STRENGTH OF THE NATION DEPENDS ON THE HOME

Some of our states and many of our cities have laws to regulate housing conditions, but such laws seldom apply to small communities. In cities where people live crowded together in closely built city blocks, unsanitary conditions in one home endanger the health of the entire community. There is also danger from fire, and vice and crime may breed and spread quickly and unseen. The community is driven, therefore, in its own defense, to regulate the people's housing. In small communities, and especially in rural communities, where homes are more widely separated and in some cases quite isolated, it has seemed of little concern to others how one citizen builds his home and what he does in it. Thoughtful consideration of such cases as that described above, however, must convince us that it IS a matter of national concern what happens even in remote homes. Both the physical and the economic strength of the nation are undermined by unwholesome conditions in the separate homes of the land.

COMMUNITY PLANNING

Economic loss to the community may result not merely from UNWHOLESOME home conditions, but also from INCONVENIENCE of location and arrangement of the homes. A good deal of attention is being given to "community planning" in the United States and especially in England and other European countries. Community planning includes not only provision for the proper location and construction of public buildings and streets, for water supply, lights, parks, etc., but also for the convenient, as well as wholesome and pleasant location of homes. Large cities, like London, New York, Philadelphia, and Chicago, have spent enormous sums of money in city planning after they have already grown up without plan. It has necessitated destroying old structures and widening streets. Villages and small towns are in a position to introduce a plan for future growth without this needless expense. Our beautiful capital city of Washington has grown according to a plan that was carefully laid out before a building was erected. But even in Washington one of the greatest problems the city had to face during the war was that of providing homes for the enormous number of workers who came to the city to do the work of the government.

PLANNING THE FARMSTEAD

"The need of careful arrangement in country homes is much more urgent than in city homes for the reason that country people use their homes as the business center of their profession," says Prof. R.J. Pearce, of Iowa State College. "The farmer in his business center must not only produce enough raw material to provide for him self and family, but he needs to produce enough to feed and clothe the entire human race." "CONSERVATION OF SPACE must be taken into consideration to obtain the greatest results from our high-priced land; CONVENIENCE must be a prime factor when expensive labor is at a premium; and ATTRACTIVENESS must be one of the chief motives not only to make farm property more saleable but to give greater enjoyment to the owner and his family…" "A farmstead is, but a unit in a farming community, yet travelers form an impression of the entire community by individual farm homes which they see in passing. Therefore, not only financial consideration but personal pride and a feeling of community spirit and enterprise should urge the farm owner to develop his farmstead according to the best of modern methods."
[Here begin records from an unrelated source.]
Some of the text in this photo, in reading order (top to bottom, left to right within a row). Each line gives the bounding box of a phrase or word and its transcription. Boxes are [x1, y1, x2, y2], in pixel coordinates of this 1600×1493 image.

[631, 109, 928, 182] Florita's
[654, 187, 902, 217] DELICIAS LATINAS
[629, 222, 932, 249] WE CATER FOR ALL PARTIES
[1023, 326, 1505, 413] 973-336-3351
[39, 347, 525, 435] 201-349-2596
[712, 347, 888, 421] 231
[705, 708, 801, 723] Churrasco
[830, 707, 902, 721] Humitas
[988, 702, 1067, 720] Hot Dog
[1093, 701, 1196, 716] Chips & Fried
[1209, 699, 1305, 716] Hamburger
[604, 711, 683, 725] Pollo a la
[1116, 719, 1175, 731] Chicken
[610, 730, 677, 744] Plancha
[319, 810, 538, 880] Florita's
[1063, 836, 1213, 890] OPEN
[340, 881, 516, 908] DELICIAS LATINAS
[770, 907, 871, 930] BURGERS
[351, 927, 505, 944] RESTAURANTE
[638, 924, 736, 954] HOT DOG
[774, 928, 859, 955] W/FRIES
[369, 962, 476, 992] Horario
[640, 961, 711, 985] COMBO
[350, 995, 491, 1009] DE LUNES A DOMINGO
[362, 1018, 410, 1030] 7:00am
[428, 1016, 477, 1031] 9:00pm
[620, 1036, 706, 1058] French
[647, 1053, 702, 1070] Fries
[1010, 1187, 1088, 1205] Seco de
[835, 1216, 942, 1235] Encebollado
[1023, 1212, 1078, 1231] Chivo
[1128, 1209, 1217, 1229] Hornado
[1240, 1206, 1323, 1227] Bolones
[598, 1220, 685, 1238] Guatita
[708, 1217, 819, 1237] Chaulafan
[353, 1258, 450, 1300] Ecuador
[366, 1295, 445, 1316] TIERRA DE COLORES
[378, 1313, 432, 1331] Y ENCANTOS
What facts can you find in regard to what the government did to provide homes for workers in shipbuilding or munitions plants during the war?
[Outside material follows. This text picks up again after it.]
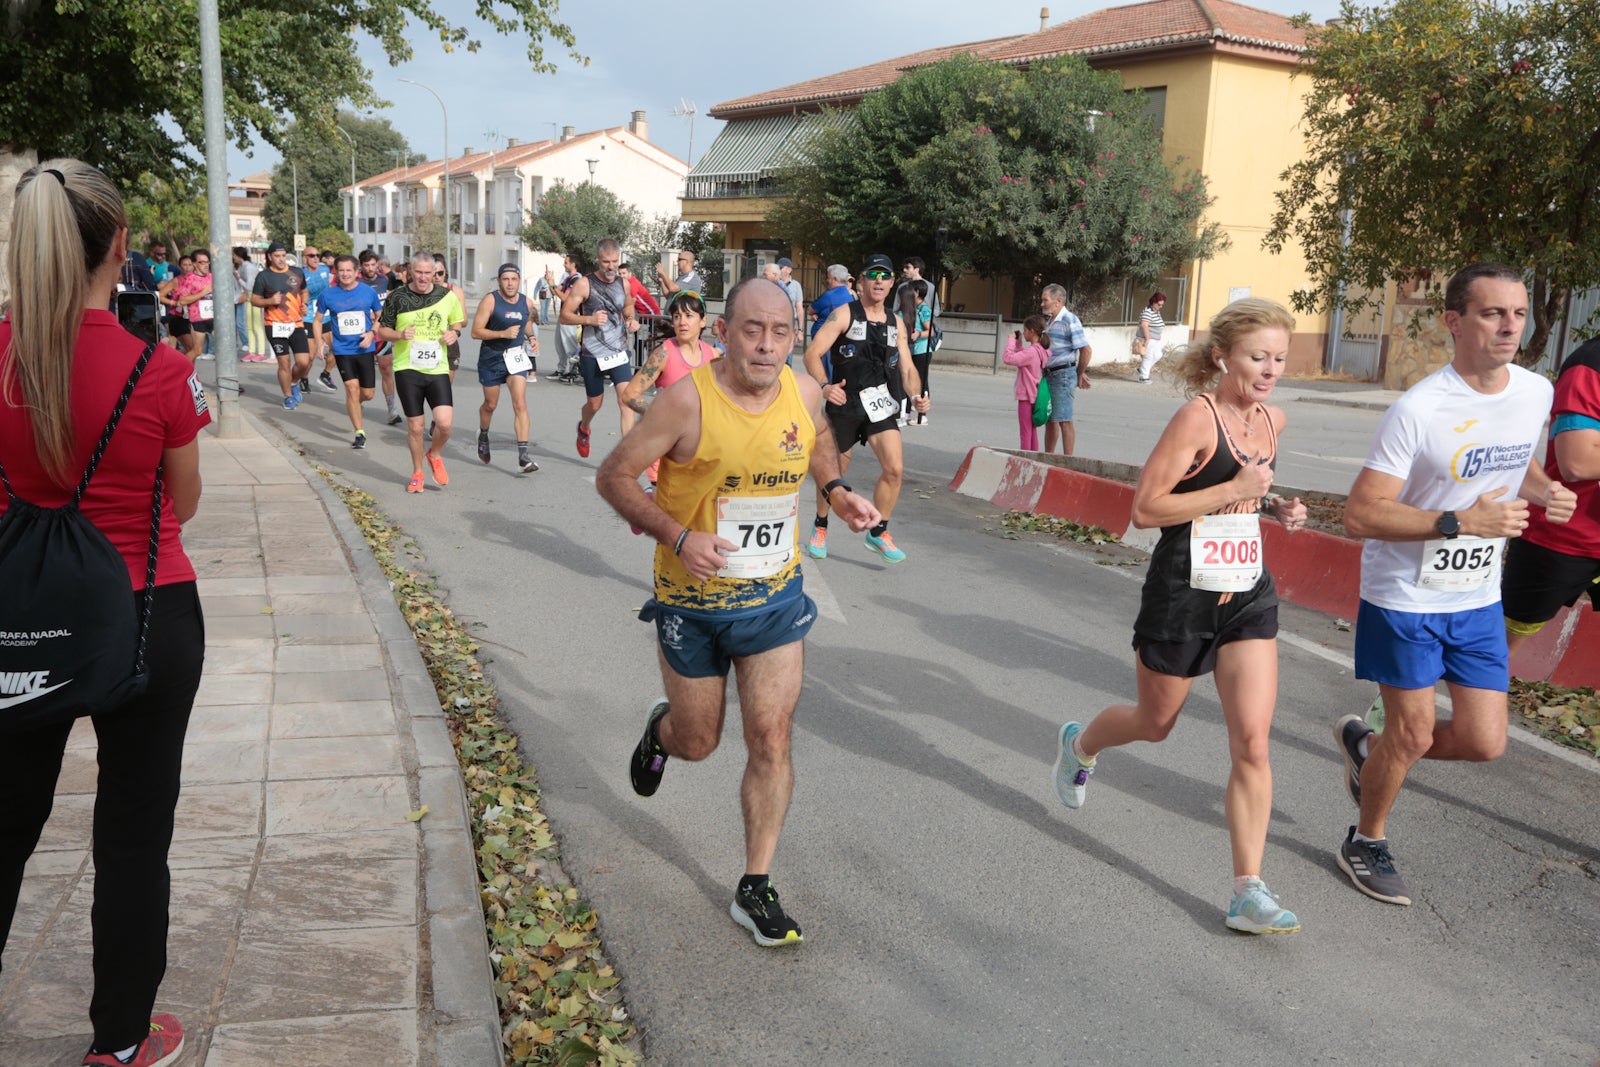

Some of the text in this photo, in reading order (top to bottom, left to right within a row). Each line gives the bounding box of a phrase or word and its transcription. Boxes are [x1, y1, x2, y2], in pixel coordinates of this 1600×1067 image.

In many of the war industries preference was given to men with families in employing workmen. Why was this?

In some rural communities in the United States a "teacherage" (home for the teacher) is provided. Of what advantage to the community is this?
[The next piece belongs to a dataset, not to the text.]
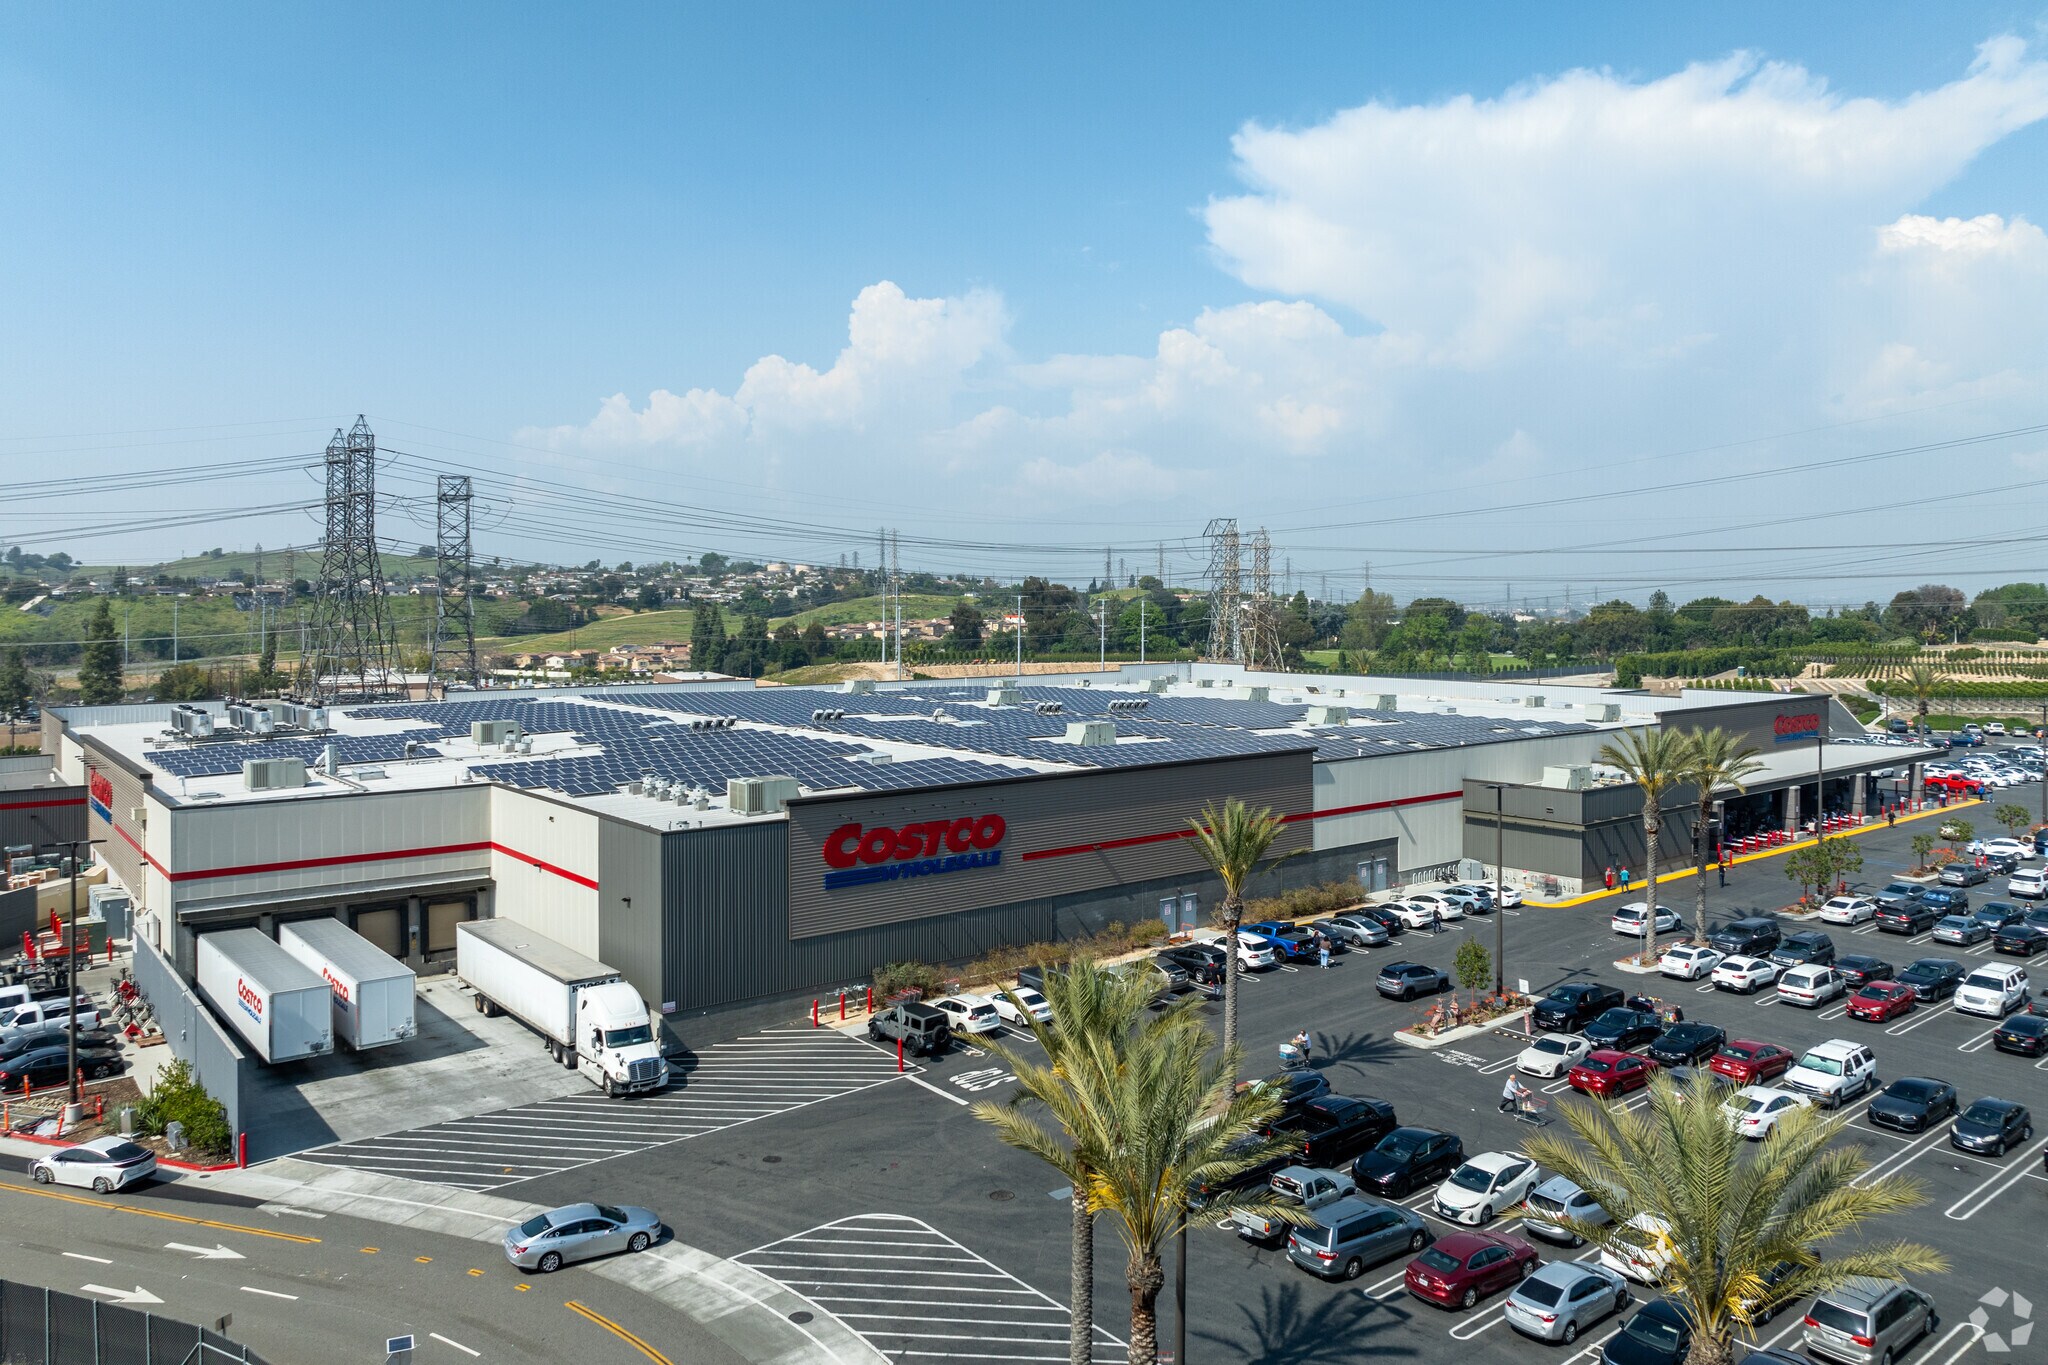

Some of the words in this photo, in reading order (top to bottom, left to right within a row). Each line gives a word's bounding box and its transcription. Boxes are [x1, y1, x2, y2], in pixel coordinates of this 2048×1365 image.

[1774, 713, 1820, 735] COSTCO
[822, 813, 1006, 868] COSTCO
[881, 850, 1002, 882] WHOLESALE
[238, 978, 263, 1015] COSTCO
Is there a "housing problem" in your community?

Are there any laws in your state regulating the building of homes? If so, what are some of them? Do they apply in your community? Are they carefully observed and enforced?

Make a study of the arrangement of the buildings on farms with which you are familiar, drawing diagrams, and report whether or not they are well planned with reference to ECONOMY OF SPACE occupied, CONVENIENCE, and ATTRACTIVENESS. Consider

(a) Are they properly placed with reference to the highway?

(b) Are they conveniently placed in relation to one another?

(c) Are they suitably protected from the prevailing winds? How?

(d) What makes them attractive or unattractive?

(e) Are the stables properly situated to protect the health of the family? How?

Must a home be large and costly to be attractive?

What impression would a stranger get in regard to the "community spirit" of your community from the appearance of its homes? Would he be right?

THE HOME AND COMMUNITY STABILITY

Home ownership is one of the strongest influences that give permanence and stability to the community. The census taken by the United States government every ten years shows that home ownership has been decreasing throughout the country as a whole. The decrease has been greatest in cities, but it is true also of farmhome ownership. In 1880 only 25% of the farms of the United States were occupied by tenants (renters); in 1910, 37% were so occupied. It is true that in the ten years from 1900 to 1910 there was a slight increase in the proportion of farms owned by their occupants in the New England and Middle Atlantic states, and in a large part of the West; but the increase in these parts was more than overbalanced by the decrease in the South Atlantic and Gulf states and in the Mississippi Valley. The smallest proportion of farm tenancy is found in New England (8%), and the largest in the southern states (45.9% in the South Atlantic states, and more than 50% in the South central states). A large part of the farming in the South is done by negroes, most of whom are either laborers on the farms of the white population or tenants on small farms which they usually work on shares. And yet the number of negro farm owners in the South has been rapidly increasing in the last few years, though not so rapidly as the number of tenants. In 1910 negro farm owners cultivated nearly 16,000,000 acres of land in the South, all of which they have acquired since the Civil War.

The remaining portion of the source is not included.